3-4-8-2. Feedforward Phase Control The phase determination unit 42 includes a feedforward phase controller 50 that changes the phase α of the canceling vibration torque command based on the ignition timing of the engine E.
The feedforward phase controller 50 changes the phase α of the cancellation vibration torque command based on the angle change amount of the ignition timing. In the example of FIG. 3, the amount of change in the phase α of the cancellation vibration torque command calculated by the feedforward phase controller 50 is the feedforward phase change amount αff.
Further, in the case of a spark ignition engine, the ignition timing is a timing at which a spark is generated from a spark plug. The angle change amount of the ignition timing may be an angle change amount calculated based on the information on the relative ignition angle with respect to the top dead center of the piston transmitted from the engine control device 30 through communication, and is supplied to the coil of the spark plug. The angle change amount calculated based on the ignition timing detected from the electrical signal or the like may be used. Further, the ignition timing may be a combustion start timing. As described above, in a compression auto-ignition engine such as a diesel engine, the ignition timing may be the fuel injection timing into the combustion chamber. Further, when a pressure sensor for detecting the pressure in the combustion chamber is provided, the combustion start timing may be determined based on the pressure increase. Further, in order to simulate the response delay of the first power transmission mechanism 10 from the change of the phase of the output torque vibration Tev of the engine E due to the change of the ignition timing to the change of the phase β of the transmission torque vibration Teov, The forward phase controller 50 may perform response delay processing corresponding to the response delay of the first power transmission mechanism 10 with respect to the angle change amount of the ignition timing or the feedforward phase change amount αff.

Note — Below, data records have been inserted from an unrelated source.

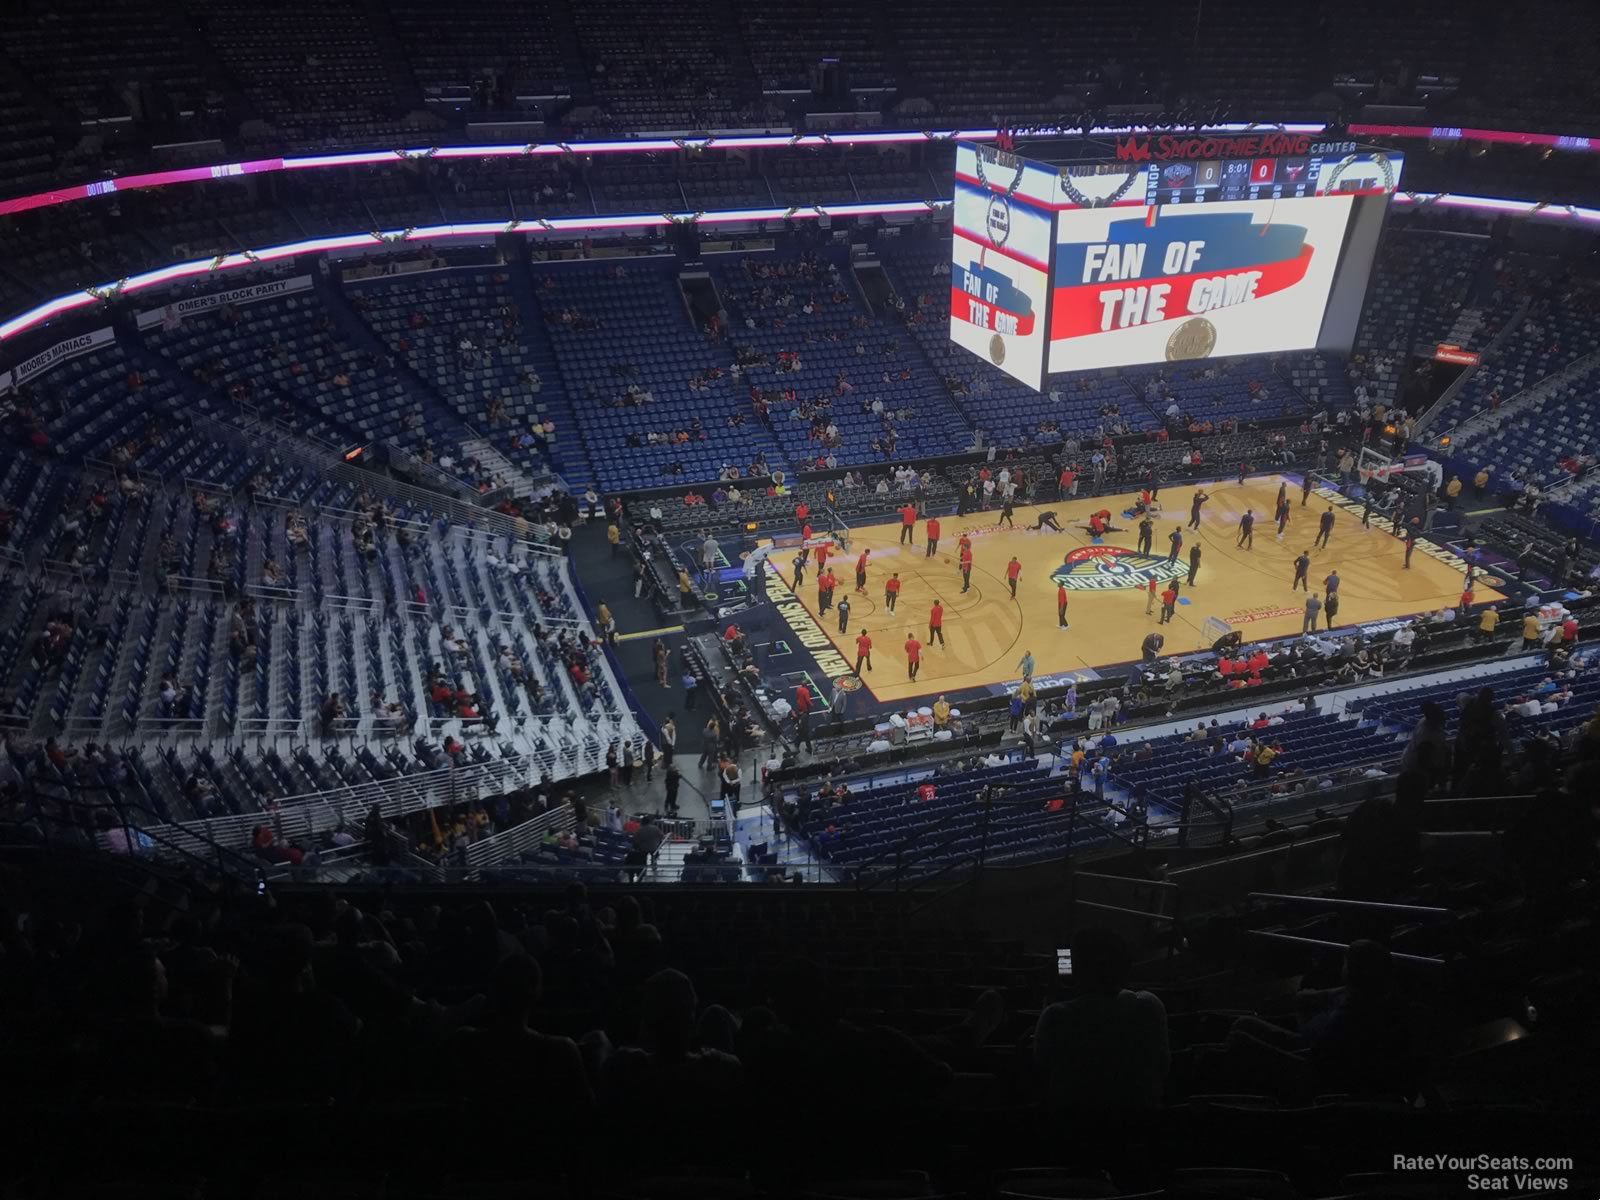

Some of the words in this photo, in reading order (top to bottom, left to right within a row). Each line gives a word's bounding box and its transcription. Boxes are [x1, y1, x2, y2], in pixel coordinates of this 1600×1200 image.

[1154, 134, 1260, 159] SMOOTHIE
[1310, 141, 1357, 154] CENTER
[1148, 164, 1160, 188] NOP
[1205, 168, 1213, 180] 0
[1228, 163, 1248, 173] 8:01
[1259, 165, 1268, 178] 0
[1308, 156, 1322, 180] CHI
[1082, 243, 1147, 283] FAN
[1162, 240, 1206, 275] OF
[178, 296, 217, 312] OMER'S
[219, 288, 254, 303] BLOCK
[255, 282, 288, 297] PARTY
[963, 270, 982, 298] FAN
[986, 282, 999, 305] OF
[1099, 283, 1172, 332] THE
[1186, 270, 1263, 315] GAME
[968, 298, 990, 329] THE
[994, 310, 1019, 336] GAME
[20, 352, 52, 376] MOORE'S
[52, 335, 93, 356] MANIACS
[776, 601, 830, 648] ORLEANS
[810, 649, 853, 678] NEW

  Further, the feedforward phase controller 50 may use the angle change amount of the ignition timing as an angle change amount from the reference angle, and the angle from the ignition timing angle at the previous calculation timing to the ignition timing angle at the current calculation timing. It may be a change amount. The reference angle may be set to the angle of the ignition timing detected at the start of the torque vibration canceling control.

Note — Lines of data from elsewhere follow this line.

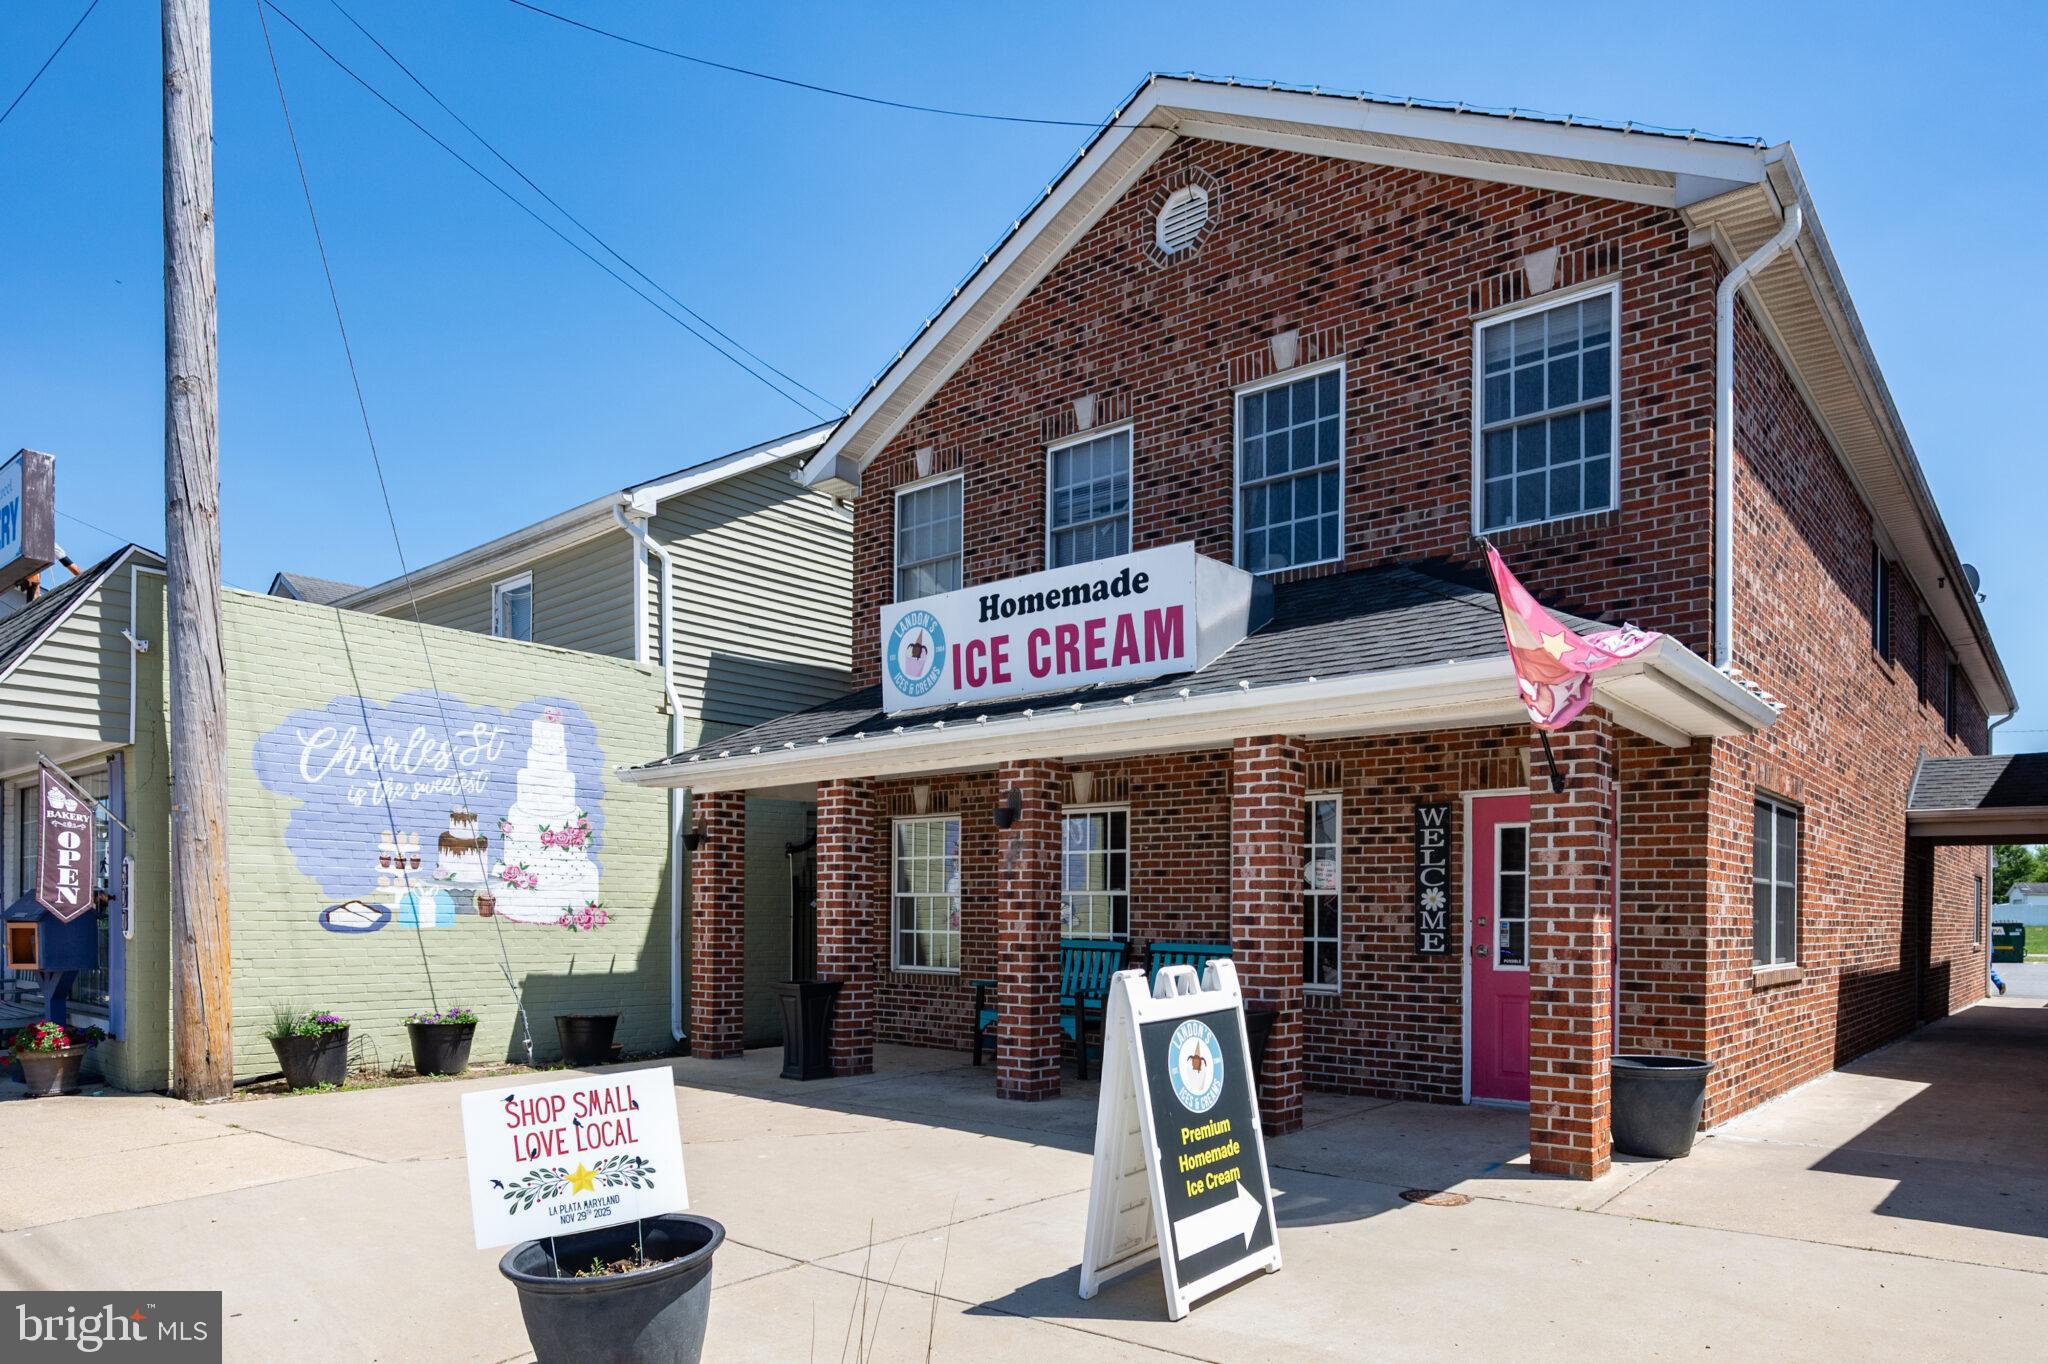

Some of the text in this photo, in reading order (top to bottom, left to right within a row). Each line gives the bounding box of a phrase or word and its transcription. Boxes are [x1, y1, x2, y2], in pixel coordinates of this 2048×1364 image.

[0, 495, 19, 550] RY
[978, 567, 1149, 623] Homemade
[895, 612, 938, 638] LANDON'S
[952, 604, 1184, 690] ICE CREAM
[894, 672, 908, 692] ICES
[915, 666, 941, 694] CREAMS
[297, 722, 510, 783] Charles St
[348, 769, 491, 806] is the sweetest
[46, 810, 90, 823] BAKERY
[55, 831, 81, 905] OPEN
[1172, 1022, 1211, 1050] LANDON'S
[505, 1085, 639, 1128] SHOP SMALL
[1179, 1086, 1194, 1107] ICES
[1201, 1078, 1220, 1109] CREAMS
[513, 1118, 639, 1162] LOVE LOCAL
[1181, 1119, 1231, 1145] Premium
[1178, 1138, 1240, 1173] Homemade
[1186, 1167, 1241, 1198] Ice Cream
[548, 1194, 620, 1216] LA PLATA MARYLAND
[560, 1213, 575, 1225] NOV
[593, 1206, 612, 1218] 2025

  Then, the phase adjustment unit 46 sets a value obtained by adding the feedback phase change amount αfb and the feedforward phase change amount αff to the phase α of the canceling vibration torque command.

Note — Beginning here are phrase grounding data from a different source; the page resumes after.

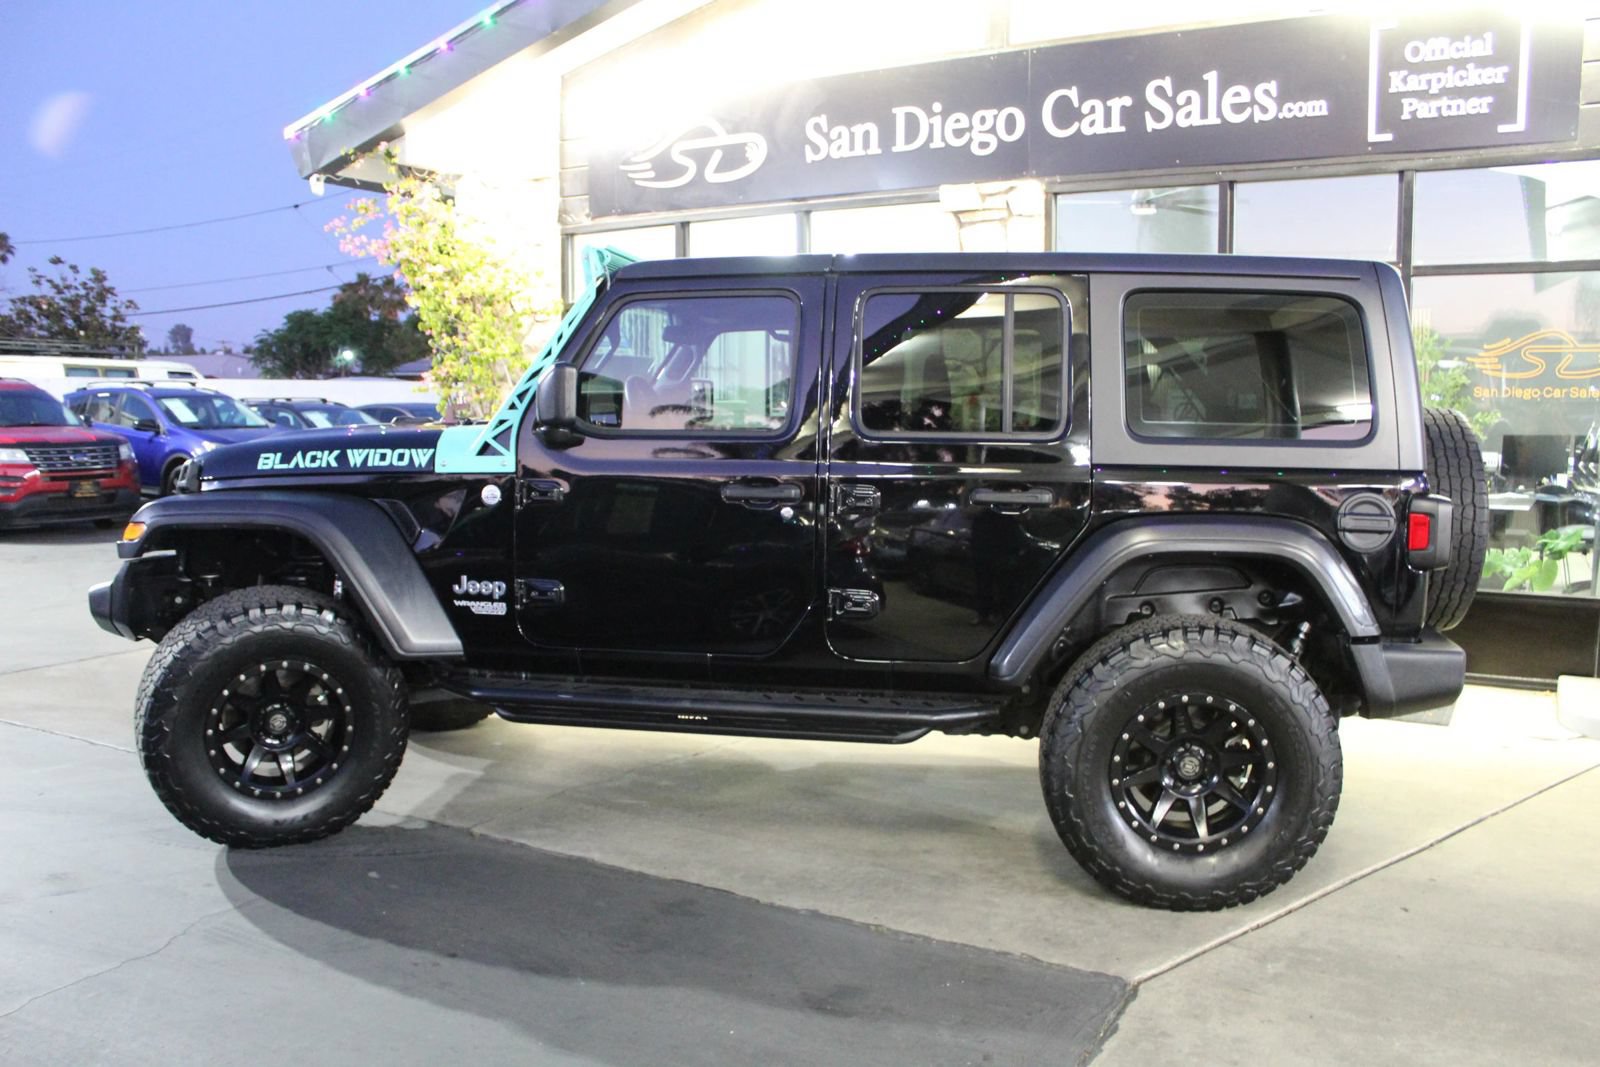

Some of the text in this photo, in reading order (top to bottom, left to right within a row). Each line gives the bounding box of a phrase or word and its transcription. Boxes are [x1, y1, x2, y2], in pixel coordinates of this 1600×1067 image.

[1404, 32, 1494, 63] Official
[1388, 63, 1510, 94] Karpicker
[1401, 96, 1494, 120] Partner
[804, 114, 882, 163] San
[891, 102, 1026, 156] Diego
[1042, 86, 1133, 138] Car
[1473, 386, 1498, 398] San
[1502, 386, 1541, 400] Diego
[1543, 386, 1568, 398] Car
[257, 448, 435, 470] BLACK WIDOW
[452, 575, 506, 600] Jeep

3-4-9. Determination of Amplitude and Frequency of Cancellation Vibration Torque Command As described above, the amplitude frequency determination unit 41 determines the amplitude ΔTp and the frequency ωp of the cancellation vibration torque command based on at least the rotational speed ωe of the engine E. In the present embodiment, the rotational speed ωe of the engine E and the rotational speed ωm of the rotating electrical machine MG are substantially the same rotational speed except for the vibration component, and therefore the amplitude frequency determination unit 41 determines the rotational speed ωe of the engine E. Instead of this, the rotational speed ωm of the rotating electrical machine MG may be used.

In the present embodiment, as shown in FIG. 3, the amplitude frequency determination unit 41 includes a frequency determiner 48 and an amplitude determiner 49.
The frequency determiner 48 determines the frequency ωp of the cancellation vibration torque command based on the rotational speed ωe of the engine E. Specifically, as described above, in a four-cycle engine with N cylinders, the frequency ωp of the canceling vibration torque command is set to ωp = N / 2 × ωe. For example, in a four-cylinder engine, ωp = 2 Set to xωe.

The amplitude determiner 49 determines the amplitude ΔTp of the canceling vibration torque command based on the rotational speed ωe of the engine E and the output torque Te.
In this example, as shown in FIG. 11A, the amplitude determiner 49 performs an output torque vibration amplitude calculation process 62 based on the output torque Te of the engine E, and the amplitude of the output torque vibration of the engine E. ΔTev is calculated. As described above, since the amplitude ΔTev of the output torque vibration is proportional to the output torque Te (average value) of the engine E, the amplitude determiner 49 outputs the output torque of the engine E as shown in FIG. An output torque amplitude characteristic map in which the characteristic of the output torque vibration amplitude ΔTev with respect to Te (average value) is set, and based on the characteristic map and the output torque Te (average value) of the engine E, The amplitude ΔTev is calculated.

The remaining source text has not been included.